**What the exercise asks**
Exact copy, no pictures: set down every entry below as written.

(Records from a data source)
------------------------

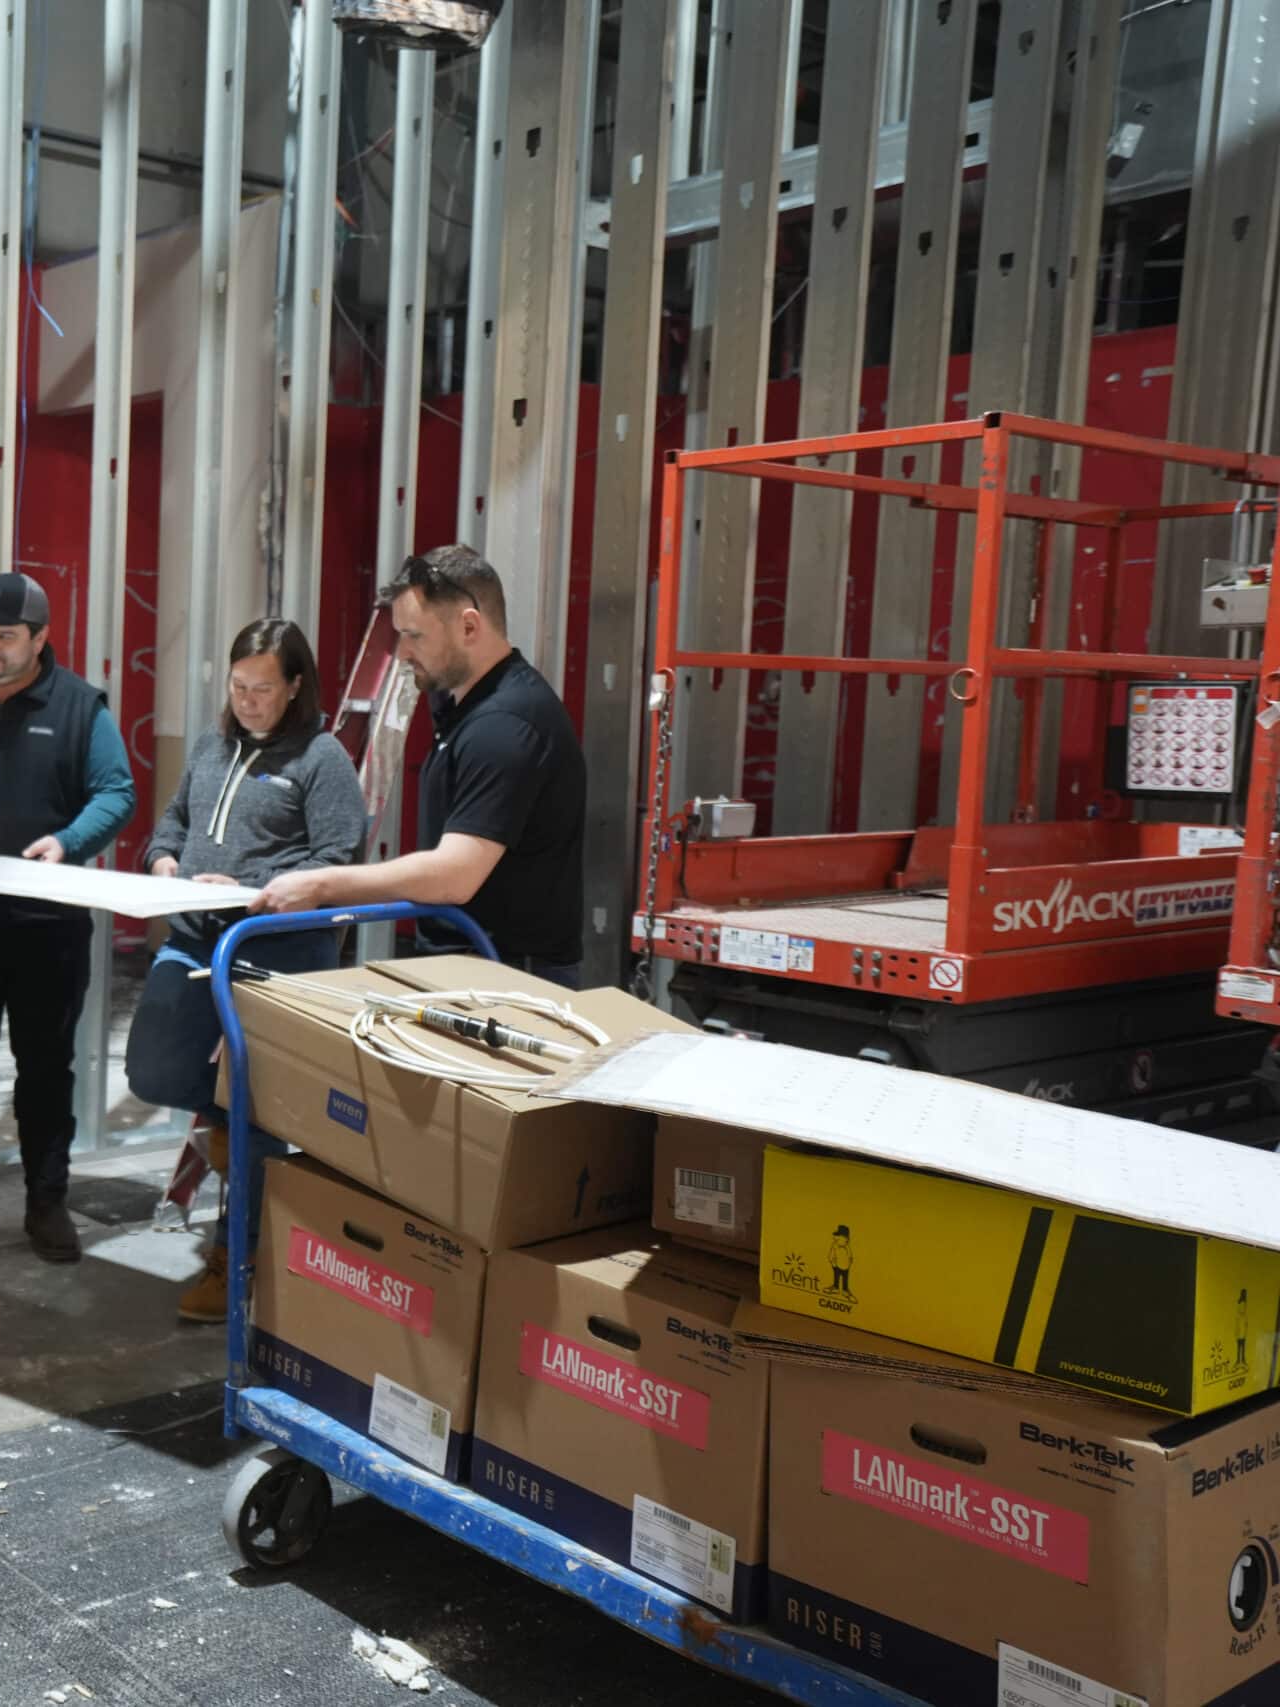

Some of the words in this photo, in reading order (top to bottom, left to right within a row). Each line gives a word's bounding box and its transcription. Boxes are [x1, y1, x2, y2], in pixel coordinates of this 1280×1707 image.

[992, 878, 1134, 934] SKYJACK
[332, 1097, 363, 1121] wren
[404, 1221, 464, 1259] Berk-Tek
[818, 1298, 853, 1314] CADDY
[666, 1317, 734, 1354] Berk-Te
[257, 1344, 301, 1384] RISER
[1058, 1360, 1169, 1397] nvent.com/caddy
[1019, 1421, 1136, 1472] Berk-Tek
[485, 1459, 541, 1505] RISER
[1191, 1443, 1266, 1498] Berk-Tek
[786, 1597, 863, 1652] RISER

------------------------

**Answer to this task**
Some of the words in this photo, in reading order (top to bottom, left to right within a row). Each line gives a word's bounding box and its transcription. Boxes are [x1, y1, x2, y2], in pixel coordinates of this 1280×1707 image.

[992, 878, 1134, 934] SKYJACK
[332, 1097, 363, 1121] wren
[404, 1221, 464, 1259] Berk-Tek
[818, 1298, 853, 1314] CADDY
[666, 1317, 734, 1354] Berk-Te
[257, 1344, 301, 1384] RISER
[1058, 1360, 1169, 1397] nvent.com/caddy
[1019, 1421, 1136, 1472] Berk-Tek
[485, 1459, 541, 1505] RISER
[1191, 1443, 1266, 1498] Berk-Tek
[786, 1597, 863, 1652] RISER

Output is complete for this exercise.